EXERCISE ::
What you return should be the entries, unchanged, without their pictures.
[SUPPLIED ENTRIES Boundary: Start]
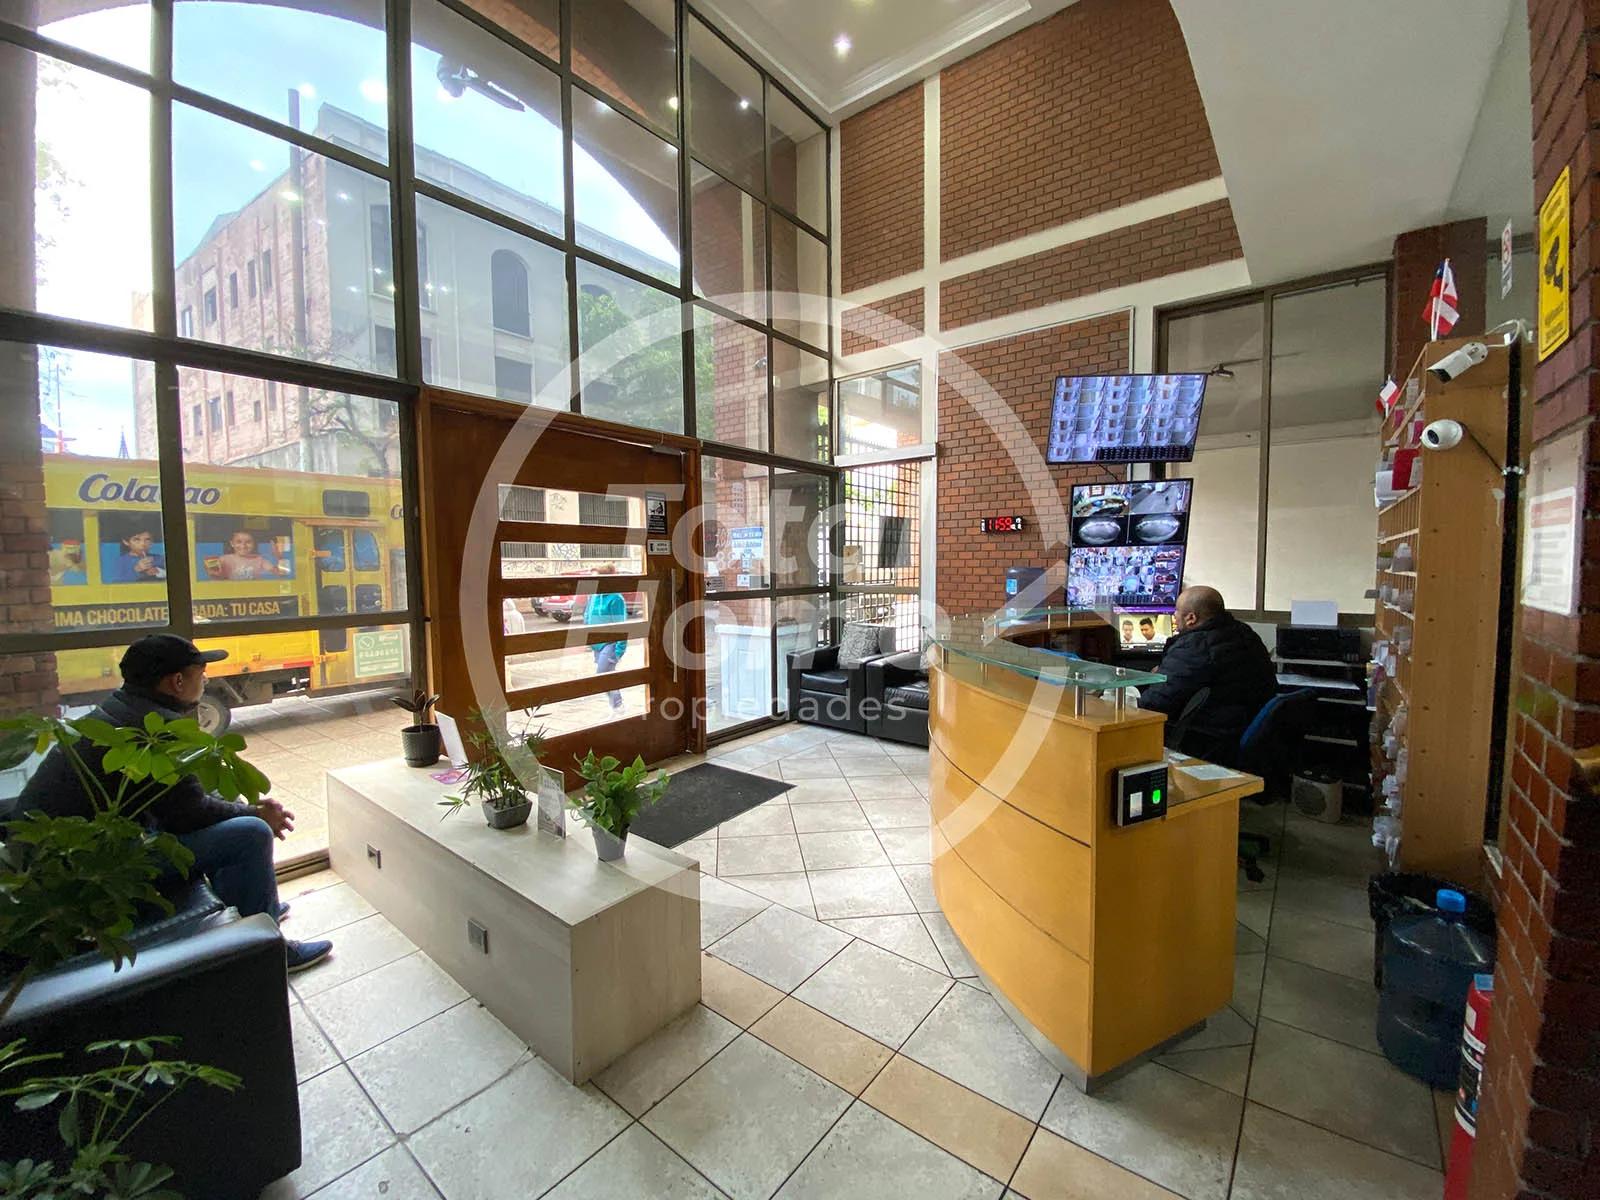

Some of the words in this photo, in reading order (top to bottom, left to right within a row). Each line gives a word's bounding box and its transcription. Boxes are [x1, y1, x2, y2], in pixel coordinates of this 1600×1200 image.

[78, 472, 221, 506] Colaao
[53, 611, 84, 627] IMA
[87, 607, 168, 625] CHOCOLATE
[230, 603, 246, 617] TU
[248, 601, 281, 616] CASA
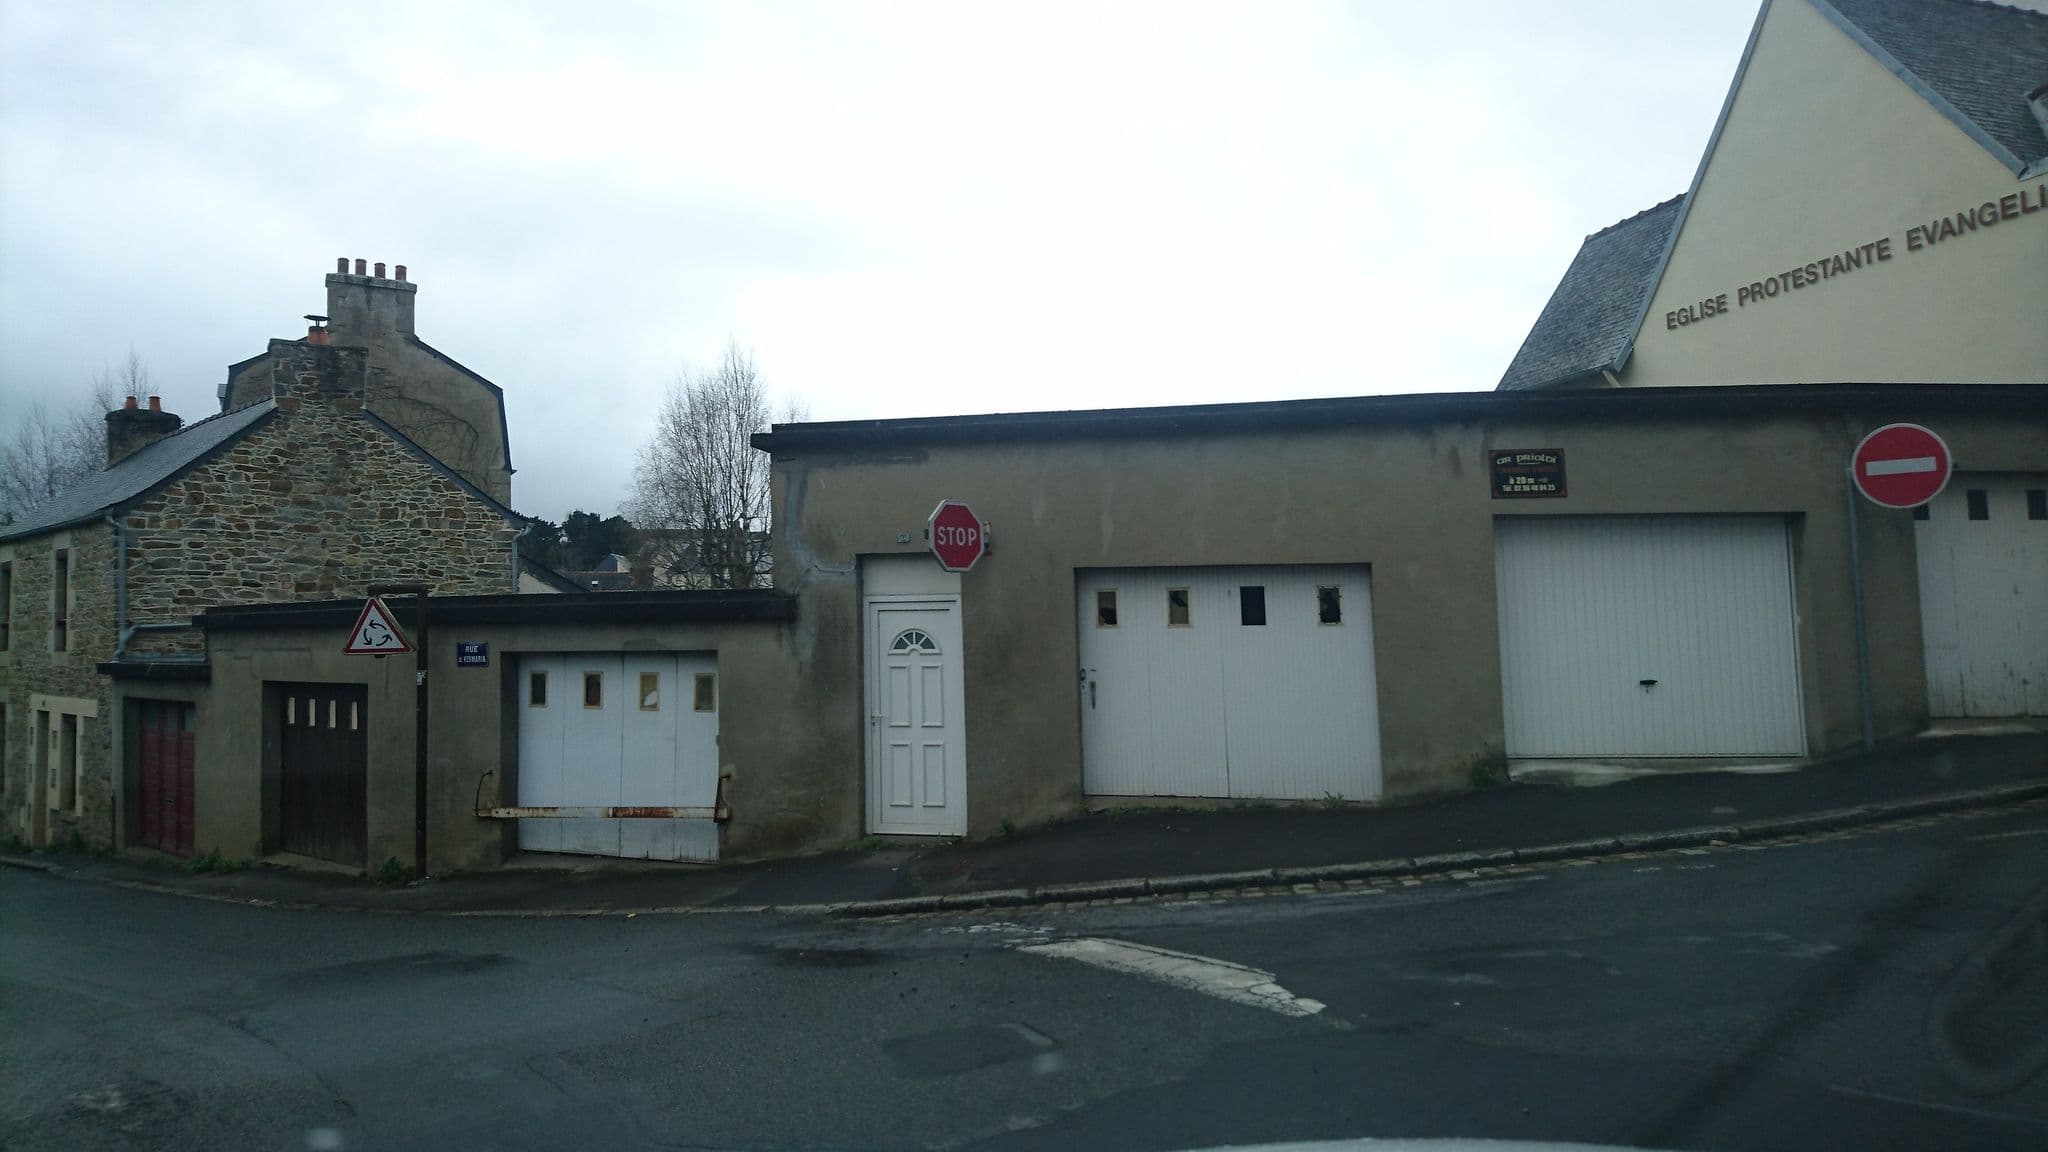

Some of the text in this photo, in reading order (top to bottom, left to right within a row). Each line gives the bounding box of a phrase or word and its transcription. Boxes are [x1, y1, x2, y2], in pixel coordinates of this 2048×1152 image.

[1665, 184, 2048, 330] EGLISE PROTESTANTE EVANGELI
[938, 526, 977, 546] STOP
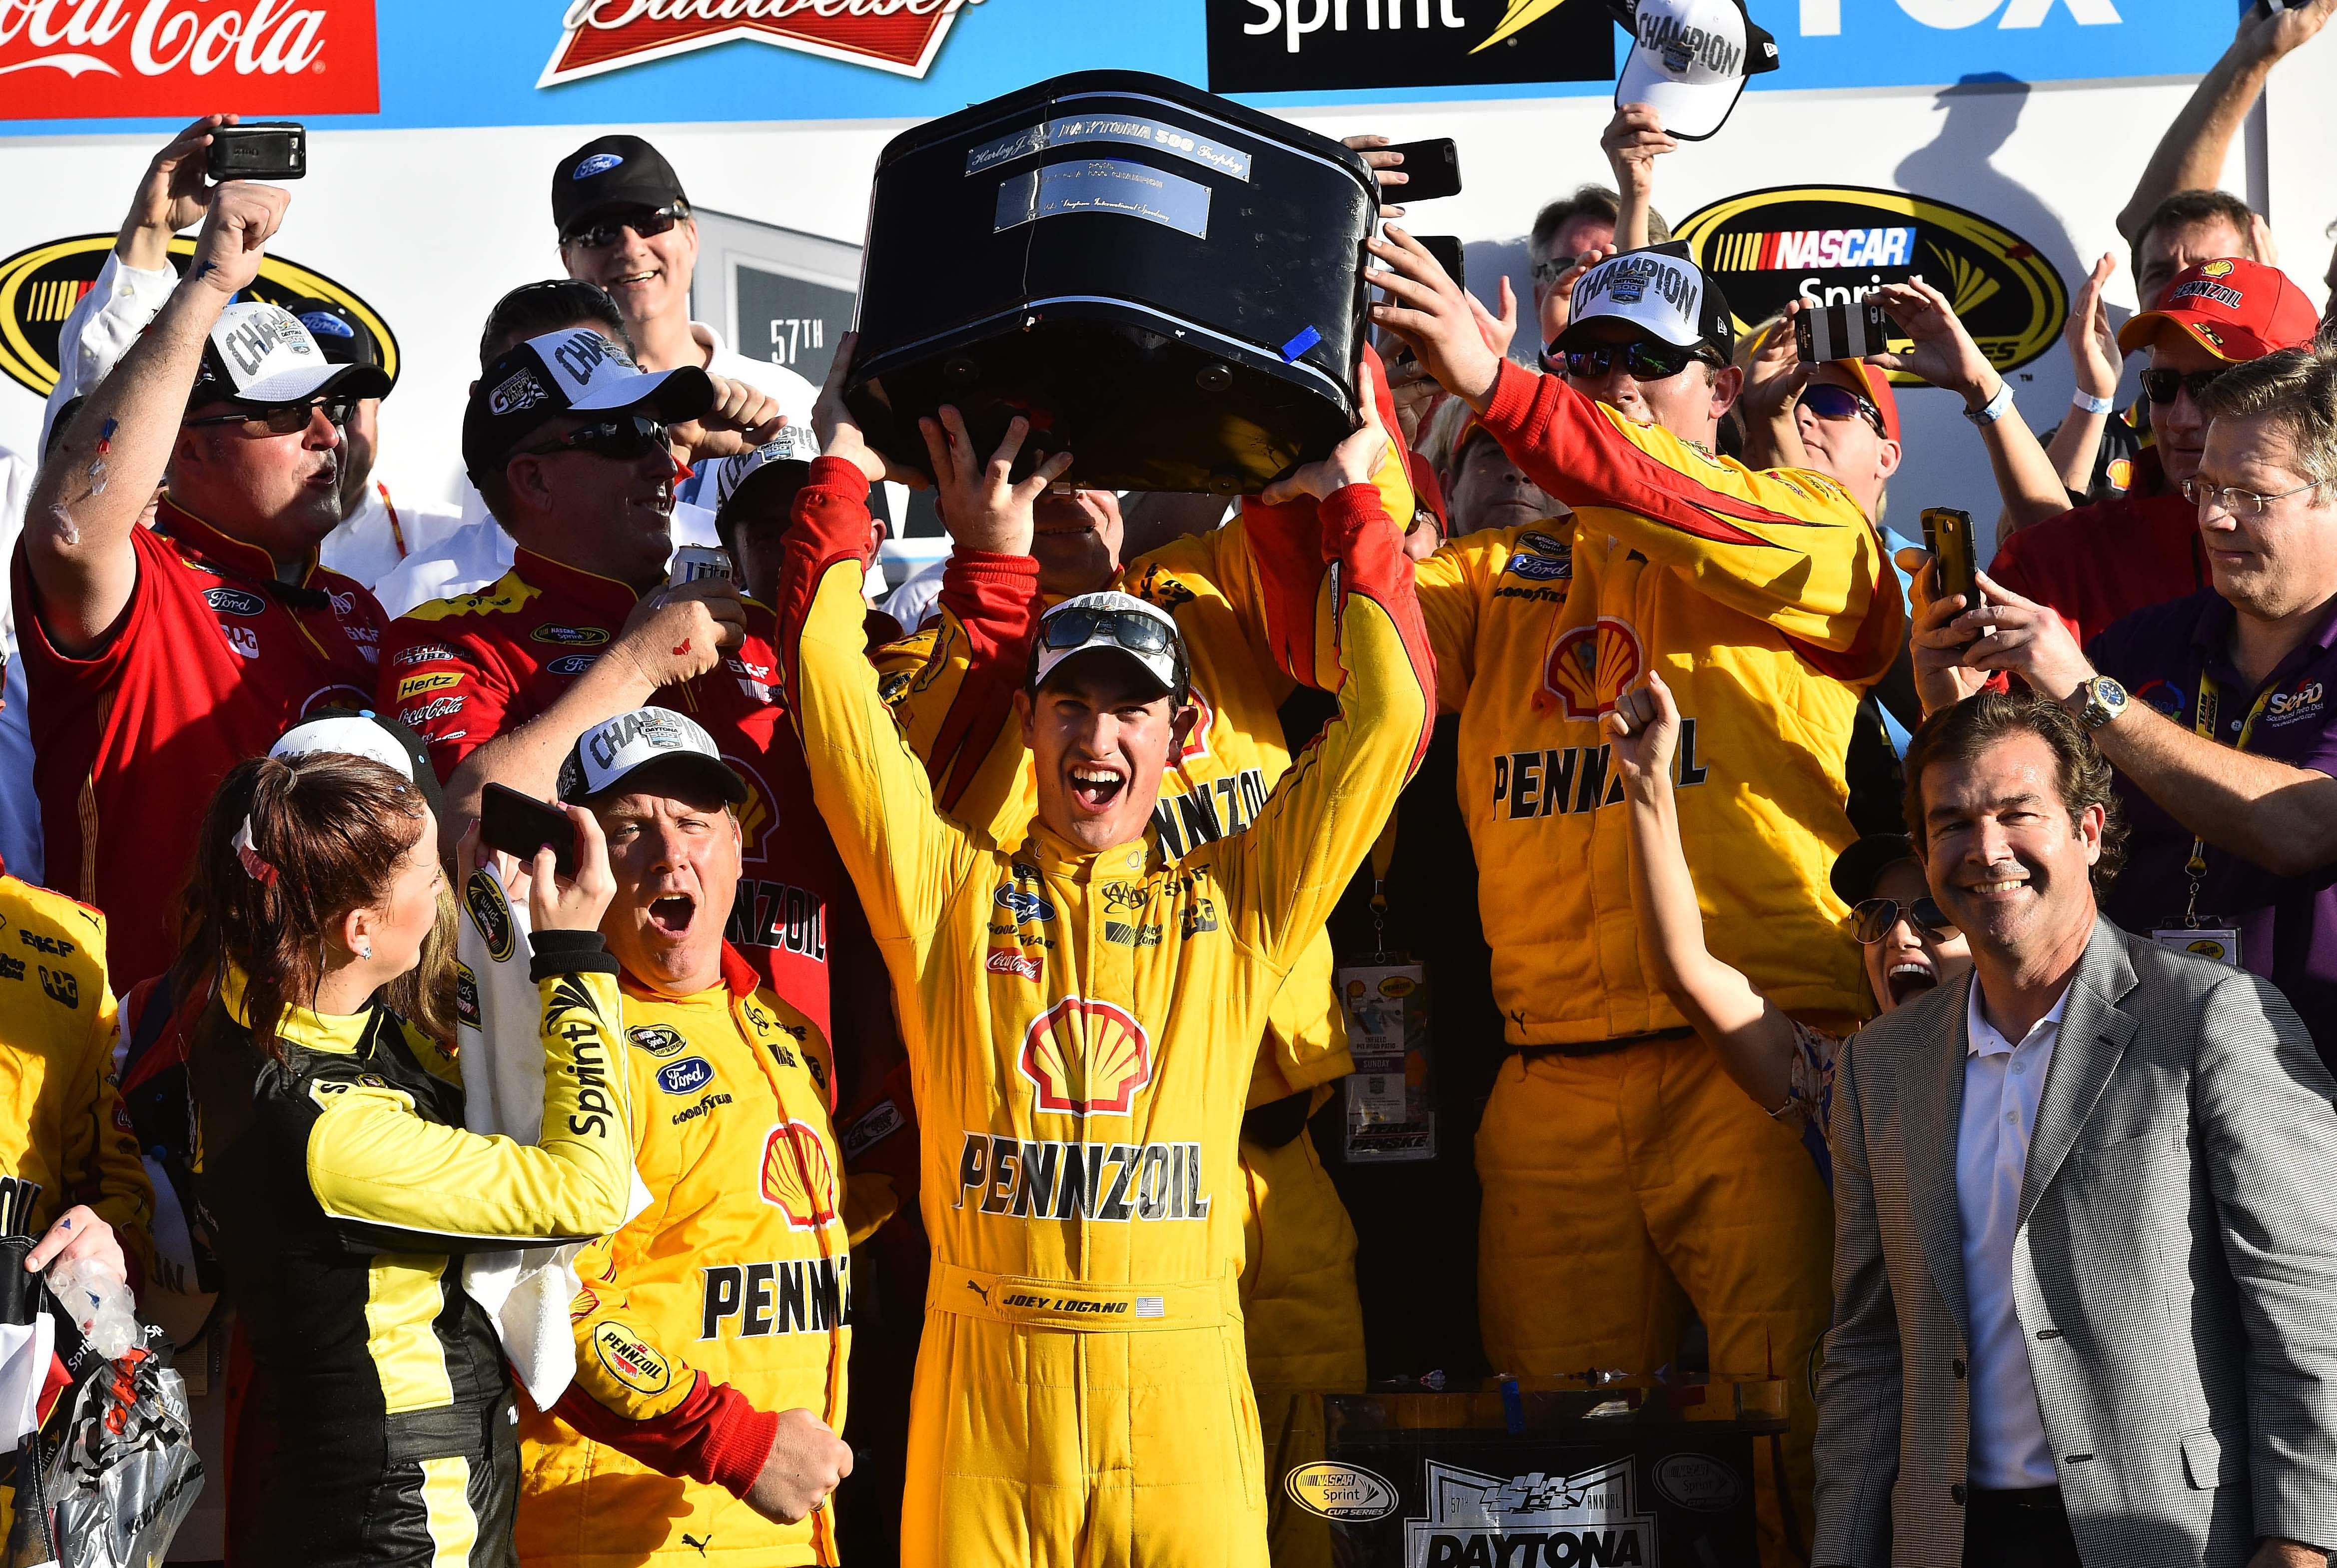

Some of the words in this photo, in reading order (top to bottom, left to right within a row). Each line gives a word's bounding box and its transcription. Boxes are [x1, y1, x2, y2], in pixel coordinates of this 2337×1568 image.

[1639, 13, 1740, 77] CHAMPION
[1154, 128, 1195, 153] 500
[1196, 144, 1245, 174] Trophy
[580, 156, 613, 175] Ford
[1094, 197, 1138, 211] International
[1137, 204, 1171, 222] Speedway
[1775, 227, 1908, 269] NASCAR
[1574, 257, 1698, 325] CHAMPION
[2169, 280, 2244, 310] PENNZOIL
[503, 375, 530, 397] VICTORY
[507, 389, 525, 404] LANE
[761, 439, 791, 450] DAYTONA
[1516, 558, 1566, 575] Ford
[208, 590, 251, 612] Ford
[726, 658, 770, 679] SKF
[401, 674, 453, 696] Hertz
[2199, 692, 2207, 725] TEAM
[2207, 691, 2218, 734] PENSKE
[2311, 702, 2324, 711] Dist
[480, 895, 500, 928] Sprint
[492, 895, 507, 913] CUP
[19, 929, 75, 958] SKF
[41, 969, 76, 997] PPG
[647, 1035, 666, 1048] Sprint
[571, 1023, 614, 1139] Sprint
[667, 1063, 705, 1091] Ford
[672, 1092, 733, 1125] GOODYEAR
[951, 1129, 1212, 1223] PENNZOIL
[1003, 1294, 1051, 1309] JOEY
[1053, 1298, 1128, 1315] LOGANO
[602, 1332, 663, 1380] PENNZOIL
[1316, 1474, 1354, 1487] NASCAR
[1323, 1488, 1360, 1503] Sprint
[1587, 1493, 1620, 1510] ANNUAL
[1427, 1529, 1642, 1568] DAYTONA
[SUPPLIED ENTRIES Boundary: End]
RESPONSE BOX ::
Some of the words in this photo, in reading order (top to bottom, left to right within a row). Each line gives a word's bounding box and its transcription. Boxes are [x1, y1, x2, y2], in pixel coordinates of this 1600×1200 image.

[78, 472, 221, 506] Colaao
[53, 611, 84, 627] IMA
[87, 607, 168, 625] CHOCOLATE
[230, 603, 246, 617] TU
[248, 601, 281, 616] CASA

Some of the text in this photo, in reading order (top to bottom, left to right within a row). Each line gives the bounding box of a phrase or word and its transcription. Boxes are [x1, y1, x2, y2], in pixel coordinates of this 2048×1152 image.

[1665, 184, 2048, 330] EGLISE PROTESTANTE EVANGELI
[938, 526, 977, 546] STOP

Some of the words in this photo, in reading order (top to bottom, left to right within a row). Each line gives a word's bounding box and its transcription. Boxes are [x1, y1, x2, y2], in pixel coordinates of this 2337×1568 image.

[1639, 13, 1740, 77] CHAMPION
[1154, 128, 1195, 153] 500
[1196, 144, 1245, 174] Trophy
[580, 156, 613, 175] Ford
[1094, 197, 1138, 211] International
[1137, 204, 1171, 222] Speedway
[1775, 227, 1908, 269] NASCAR
[1574, 257, 1698, 325] CHAMPION
[2169, 280, 2244, 310] PENNZOIL
[503, 375, 530, 397] VICTORY
[507, 389, 525, 404] LANE
[761, 439, 791, 450] DAYTONA
[1516, 558, 1566, 575] Ford
[208, 590, 251, 612] Ford
[726, 658, 770, 679] SKF
[401, 674, 453, 696] Hertz
[2199, 692, 2207, 725] TEAM
[2207, 691, 2218, 734] PENSKE
[2311, 702, 2324, 711] Dist
[480, 895, 500, 928] Sprint
[492, 895, 507, 913] CUP
[19, 929, 75, 958] SKF
[41, 969, 76, 997] PPG
[647, 1035, 666, 1048] Sprint
[571, 1023, 614, 1139] Sprint
[667, 1063, 705, 1091] Ford
[672, 1092, 733, 1125] GOODYEAR
[951, 1129, 1212, 1223] PENNZOIL
[1003, 1294, 1051, 1309] JOEY
[1053, 1298, 1128, 1315] LOGANO
[602, 1332, 663, 1380] PENNZOIL
[1316, 1474, 1354, 1487] NASCAR
[1323, 1488, 1360, 1503] Sprint
[1587, 1493, 1620, 1510] ANNUAL
[1427, 1529, 1642, 1568] DAYTONA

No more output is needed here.